The words looped round and round in Rosenbaum’s head as he parked his car near Michael Bernstein’s house later that morning and made his way inside. He thought about his own family, the daughter who had been born only two months earlier, and wondered what he might say to Bernstein’s children, Sara and Joe.

Rosenbaum went to look for Stephanie Bernstein. She had been using her exercise bike in the basement the night before when news of the crash flashed on television. She raced to make calls and knew that her husband was dead when she was finally transferred to a phone line for relatives of passengers on the Pan Am flight.

She peeked in on her children and decided to let them sleep through the night, a few more hours without knowing, steady breaths under warm blankets, in tiny bedrooms with views of the wildflowers that bloomed every spring in the family’s backyard. She wandered to her own bedroom, past the haphazard pile of issues of the New York Review of Books that her husband stacked on the floor by the side of the bed for some time later when there would surely be time for reading. She started making phone calls.

Looking at Stephanie, a widow at 37, Rosenbaum felt sick. The Pan Am Boeing 747 jetliner, once dubbed the Clipper Morning Light, had left a wreckage that spread across one nautical mile.

He imagined Bernstein in seat 47D, heading home to his family, the signed agreement with the Austrian government in the overhead bin. Later, the world would learn that a terrorist bomb had punched a 20-inch hole on the left side of the plane’s fuselage.

Rosenbaum hugged Stephanie and wandered upstairs, where 4-year-old Joe was playing in his bedroom, oblivious to the somber gathering.

Rosenbaum would help send FBI agents to Scotland to try to persuade authorities to release Bernstein’s remains so that he could be buried quickly, according to Jewish custom. He would call the New York Times to request an obituary and ask famed Nazi hunter Simon Wiesenthal to write a letter of condolence to the Bernstein family. He would deliver remarks at the memorial service on behalf of the Department of Justice and recite the Mourner’s Kaddish alongside hundreds of people.
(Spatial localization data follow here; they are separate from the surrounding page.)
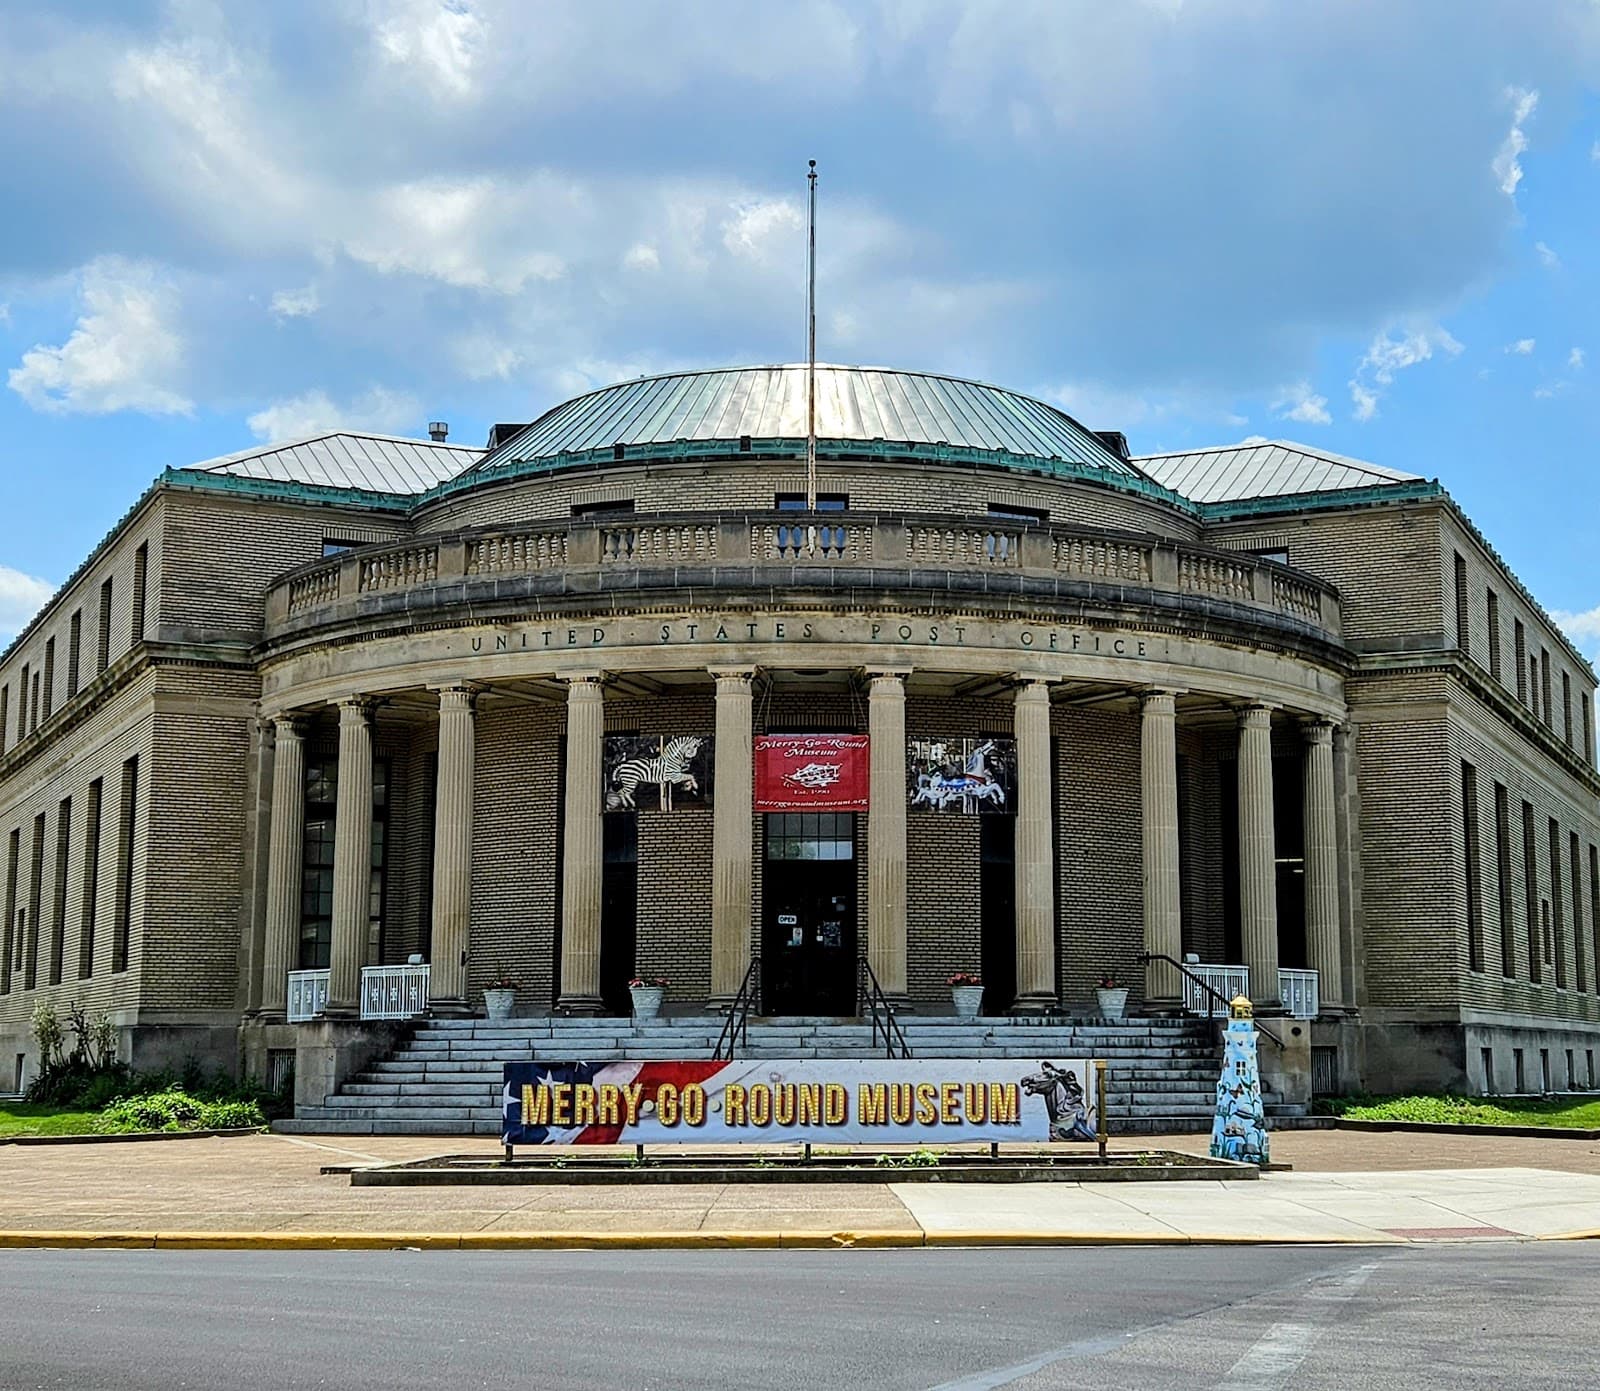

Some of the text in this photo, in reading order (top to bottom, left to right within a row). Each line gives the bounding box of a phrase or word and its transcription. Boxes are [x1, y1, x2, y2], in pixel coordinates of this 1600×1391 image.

[471, 623, 1147, 656] UNITED STATES POST OFFICE
[784, 748, 838, 757] Museum
[858, 1082, 1020, 1125] MUSEUM
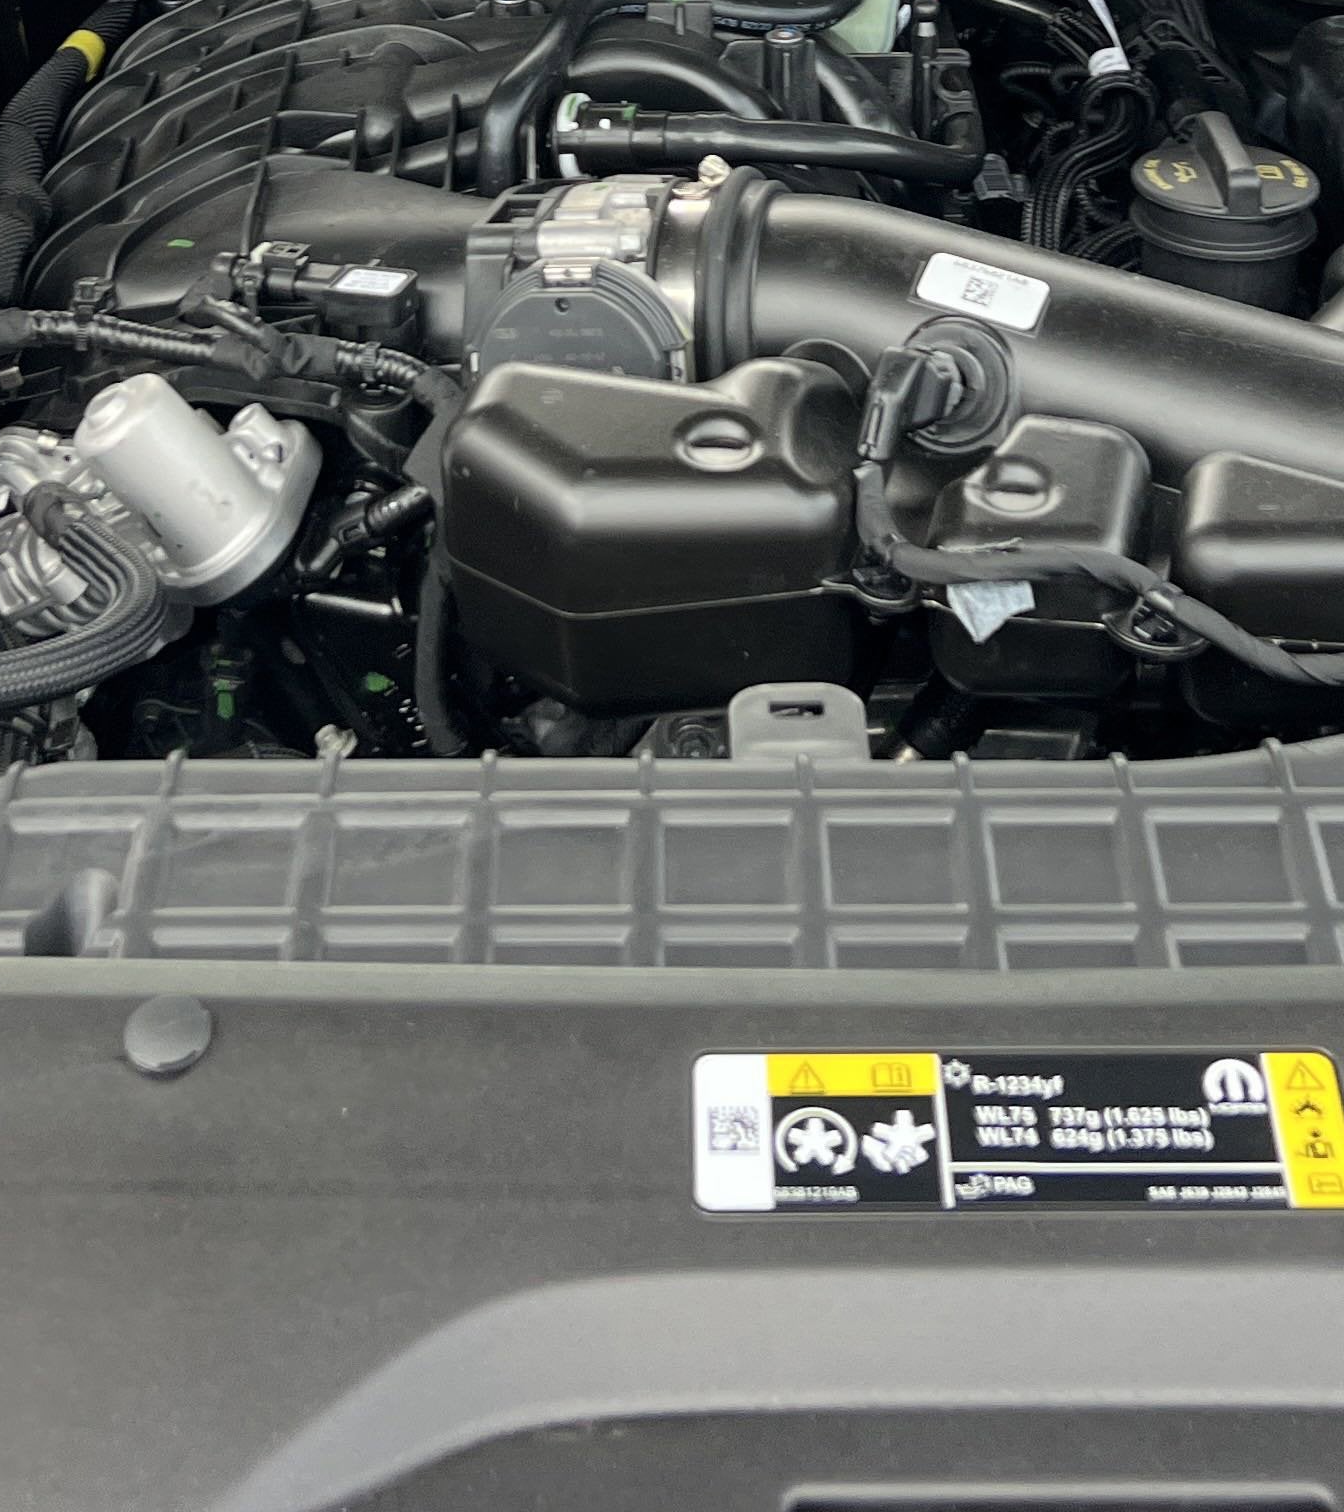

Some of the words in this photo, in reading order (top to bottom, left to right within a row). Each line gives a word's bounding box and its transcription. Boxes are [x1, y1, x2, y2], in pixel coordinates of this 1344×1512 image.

[971, 1074, 1065, 1100] R-1234yf
[973, 1105, 1038, 1126] WL75
[1048, 1106, 1102, 1130] 737g
[1103, 1106, 1166, 1128] (1.625
[1167, 1106, 1211, 1128] lbs)
[976, 1126, 1040, 1148] WL74
[1050, 1127, 1105, 1153] 624g
[1106, 1127, 1170, 1151] (1.375
[1171, 1127, 1215, 1152] lbs)
[993, 1175, 1036, 1197] PAG
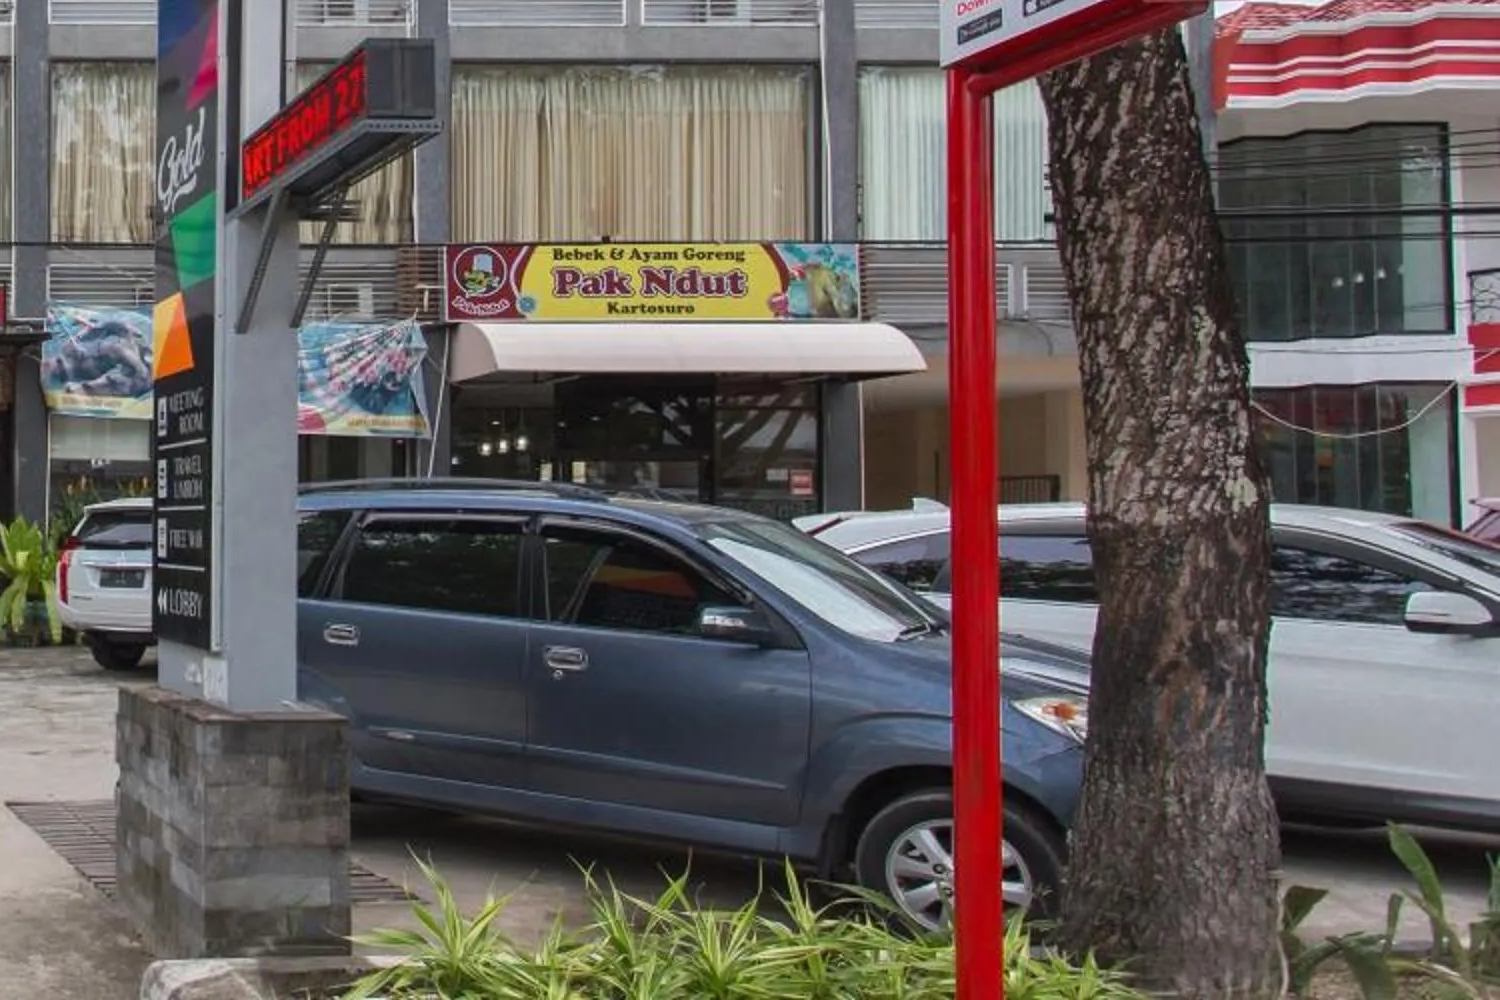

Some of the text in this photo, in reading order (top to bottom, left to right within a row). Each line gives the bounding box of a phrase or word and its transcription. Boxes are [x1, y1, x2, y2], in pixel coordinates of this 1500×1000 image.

He would tell journalists that Bernstein was responsible for deporting seven of the 24 Nazi defendants that had been removed from the United States since OSI had been in operation. He would help write the Justice Department announcement, three months later, declaring that a California man who was once an armed SS guard at Auschwitz had been deported to his native Austria, thanks to the agreement that Bernstein helped negotiate.

And, for as long as he stayed at OSI, he would keep a picture of Bernstein in his office—a daily reminder of the man who had died in the line of duty more than 40 years after the war’s end.